Stored data entries
==========

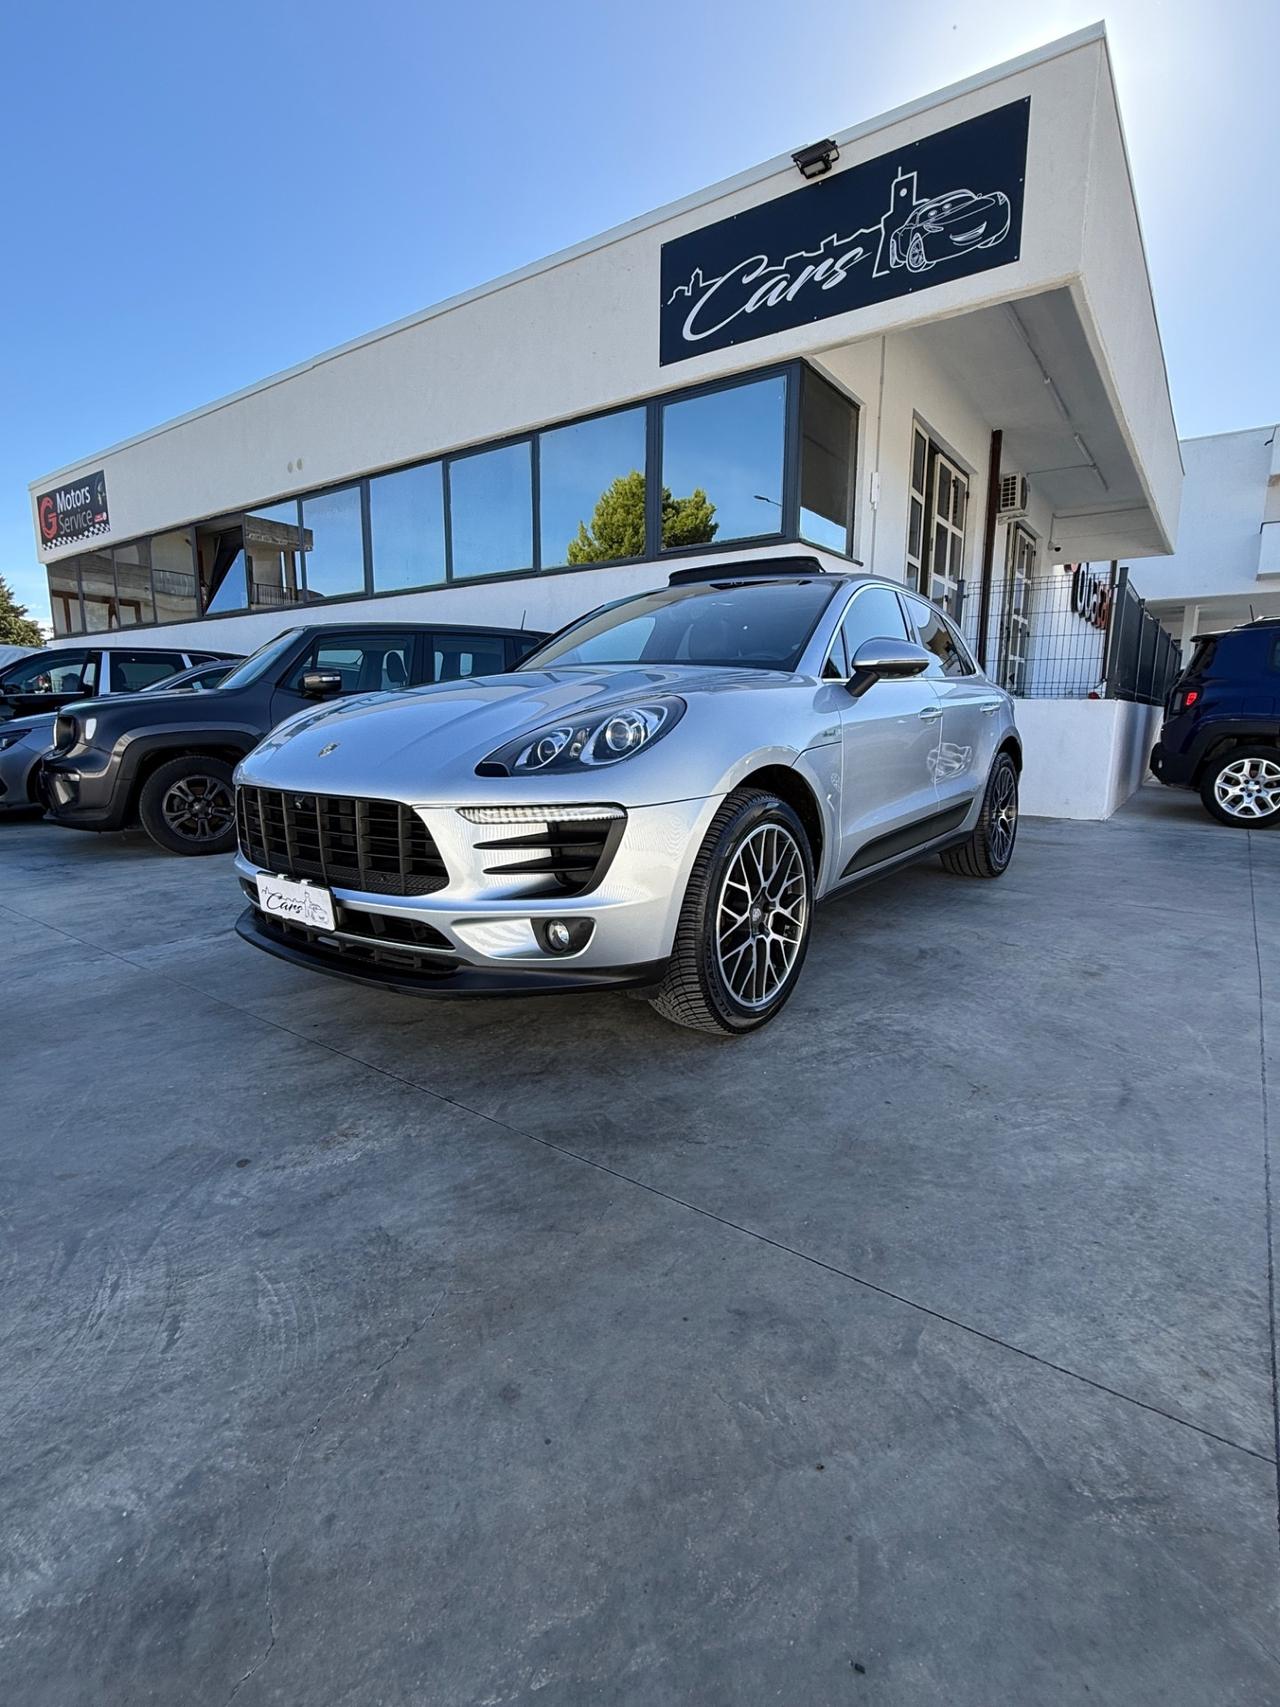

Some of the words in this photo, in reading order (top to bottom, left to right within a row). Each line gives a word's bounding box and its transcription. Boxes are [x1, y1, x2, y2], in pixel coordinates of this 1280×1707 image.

[682, 247, 872, 341] Cars
[40, 496, 58, 539] G
[56, 486, 91, 513] Motors
[58, 508, 93, 535] Service
[266, 891, 303, 914] Cars
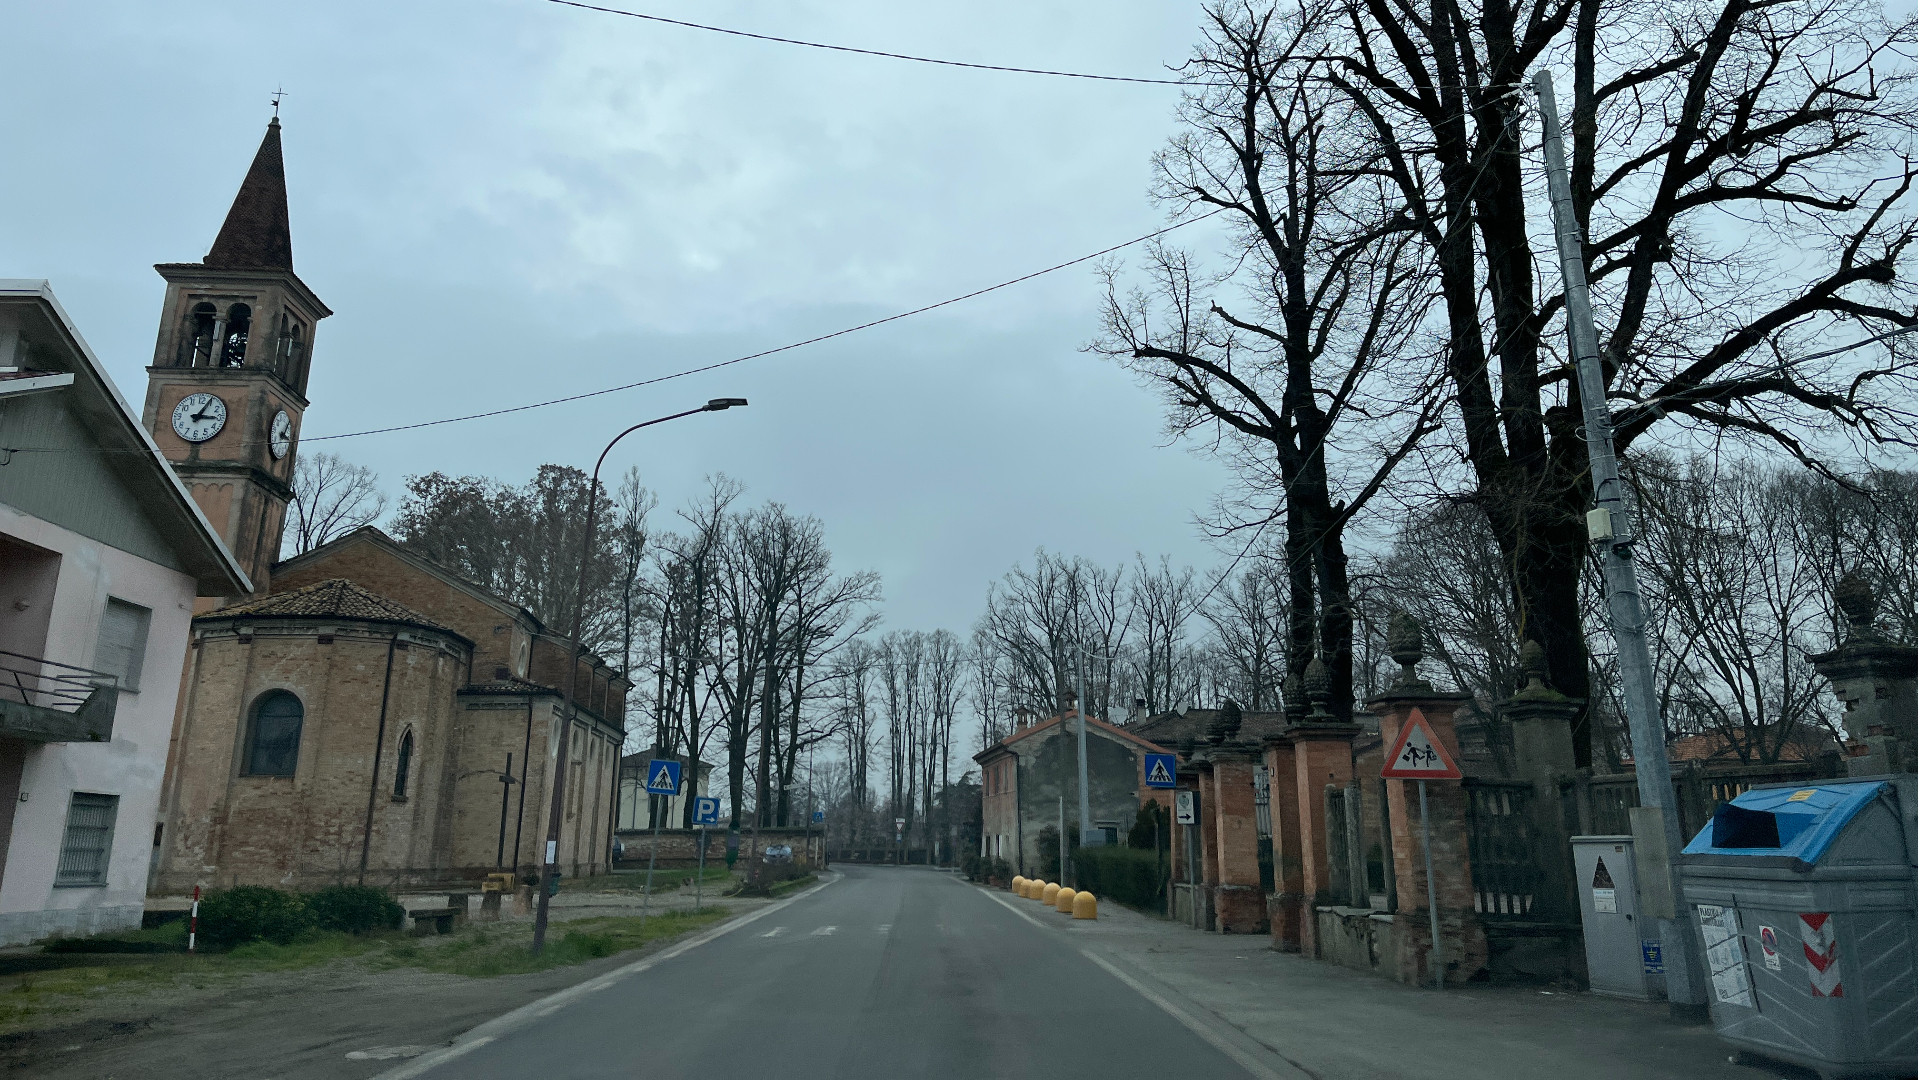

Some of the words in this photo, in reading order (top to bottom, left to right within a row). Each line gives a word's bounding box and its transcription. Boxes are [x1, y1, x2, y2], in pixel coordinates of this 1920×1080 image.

==========

> **EXERCISE DIRECTIONS**
Leave out the pictures, then return every line of the data exactly.

> **EXPECTED ANSWER**
Some of the words in this photo, in reading order (top to bottom, left to right within a row). Each line gives a word's bounding box and its transcription. Boxes are [x1, y1, x2, y2], in pixel coordinates of this 1280×1707 image.

[682, 247, 872, 341] Cars
[40, 496, 58, 539] G
[56, 486, 91, 513] Motors
[58, 508, 93, 535] Service
[266, 891, 303, 914] Cars

Some of the words in this photo, in reading order (top to bottom, left to right within a row). Each line gives a word's bounding box and its transcription. Boxes are [x1, y1, x2, y2], in pixel coordinates of this 1920×1080 image.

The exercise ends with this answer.